Stored data entries:
+--

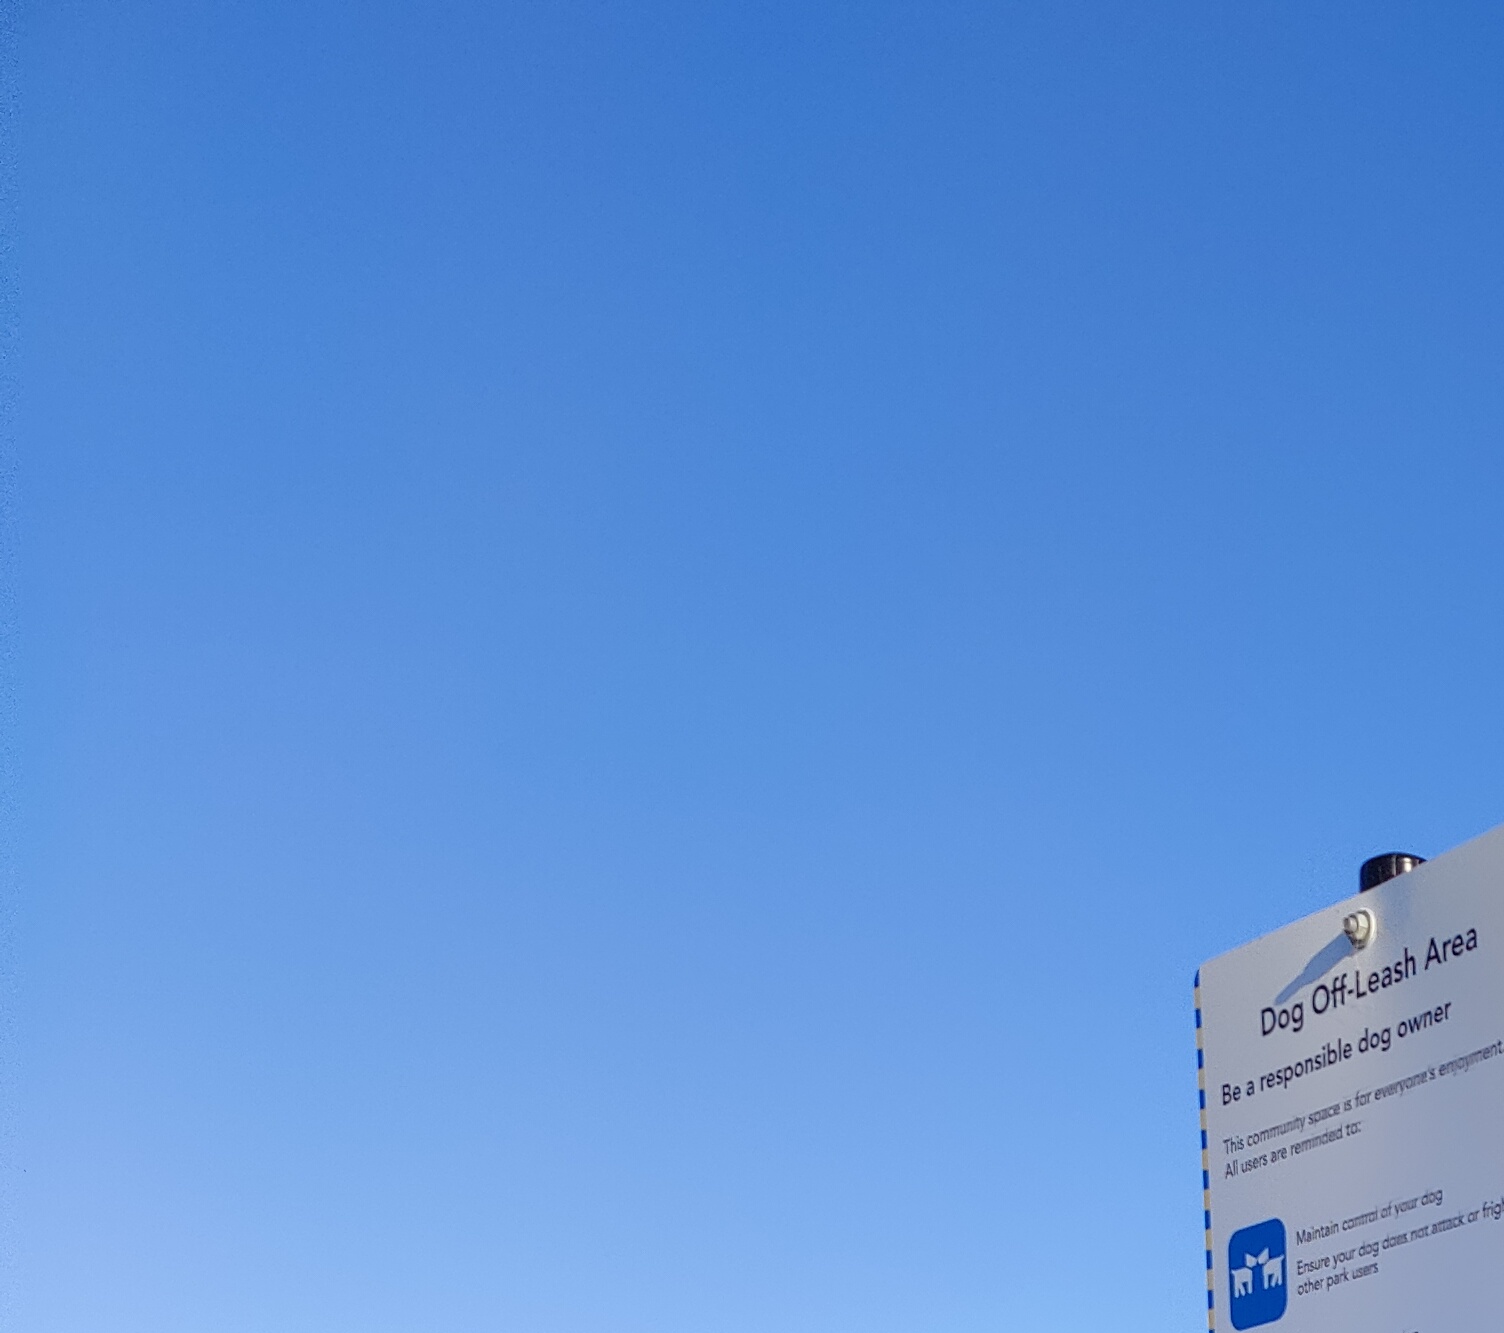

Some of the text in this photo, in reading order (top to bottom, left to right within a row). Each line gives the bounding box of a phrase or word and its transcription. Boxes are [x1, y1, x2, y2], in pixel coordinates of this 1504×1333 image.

[1261, 927, 1478, 1036] Dog Off-Leash Area
[1222, 1002, 1452, 1106] Be a responsible dog owner
[1222, 1135, 1245, 1155] This
[1247, 1115, 1306, 1147] community
[1308, 1103, 1341, 1126] space
[1343, 1096, 1353, 1111] is
[1354, 1089, 1372, 1108] for
[1374, 1067, 1436, 1101] everyone's
[1224, 1159, 1239, 1180] All
[1240, 1153, 1268, 1174] users
[1270, 1147, 1288, 1164] are
[1290, 1124, 1344, 1157] reminded
[1296, 1189, 1443, 1246] Maintain control of your dog
[1296, 1256, 1331, 1276] Ensure
[1332, 1248, 1357, 1270] your
[1358, 1240, 1380, 1257] dog
[1382, 1232, 1409, 1250] does
[1410, 1225, 1430, 1241] not
[1431, 1214, 1465, 1235] attack
[1467, 1210, 1480, 1223] or
[1297, 1262, 1379, 1296] other park users
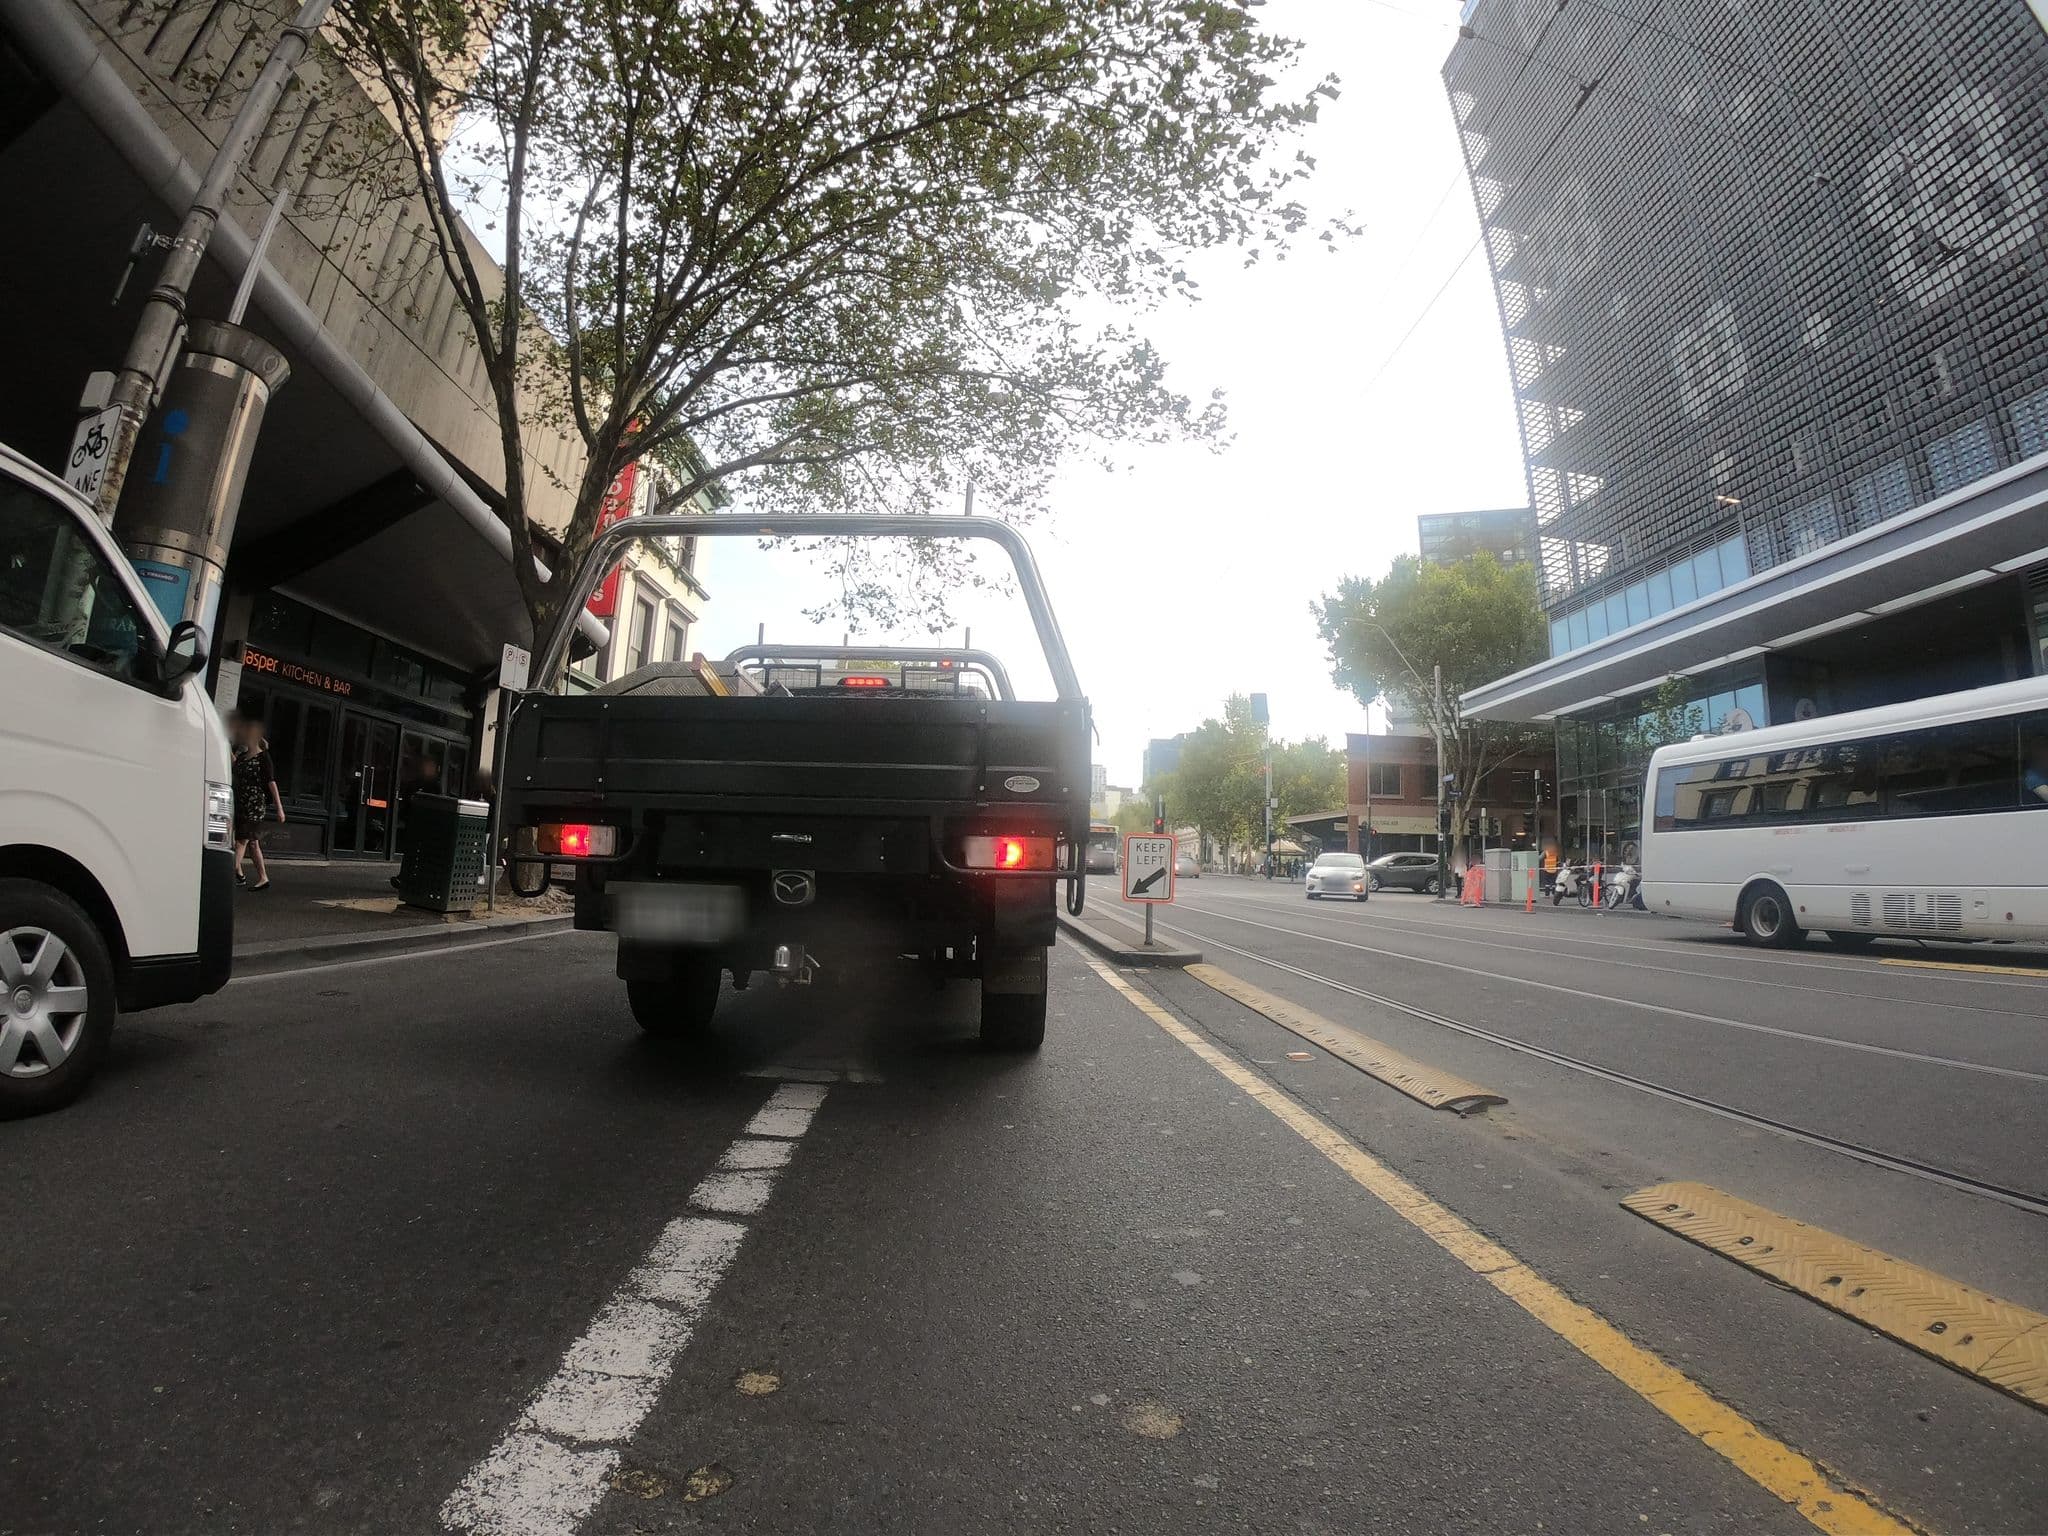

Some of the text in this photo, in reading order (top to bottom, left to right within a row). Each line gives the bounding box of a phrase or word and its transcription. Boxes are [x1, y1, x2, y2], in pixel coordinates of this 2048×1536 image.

[67, 470, 101, 494] ANE
[281, 663, 322, 686] KITCHEN
[323, 676, 331, 689] &
[333, 679, 352, 695] BAR
[1136, 842, 1166, 853] KEEP
[1136, 855, 1165, 865] LEFT

+--

*WHAT THIS TASK INVOLVES*: In the records above, find the line containing "this 2048×1536 image." and print it and every later line exactly, through the last one.

*TASK SOLUTION*:
Some of the text in this photo, in reading order (top to bottom, left to right within a row). Each line gives the bounding box of a phrase or word and its transcription. Boxes are [x1, y1, x2, y2], in pixel coordinates of this 2048×1536 image.

[67, 470, 101, 494] ANE
[281, 663, 322, 686] KITCHEN
[323, 676, 331, 689] &
[333, 679, 352, 695] BAR
[1136, 842, 1166, 853] KEEP
[1136, 855, 1165, 865] LEFT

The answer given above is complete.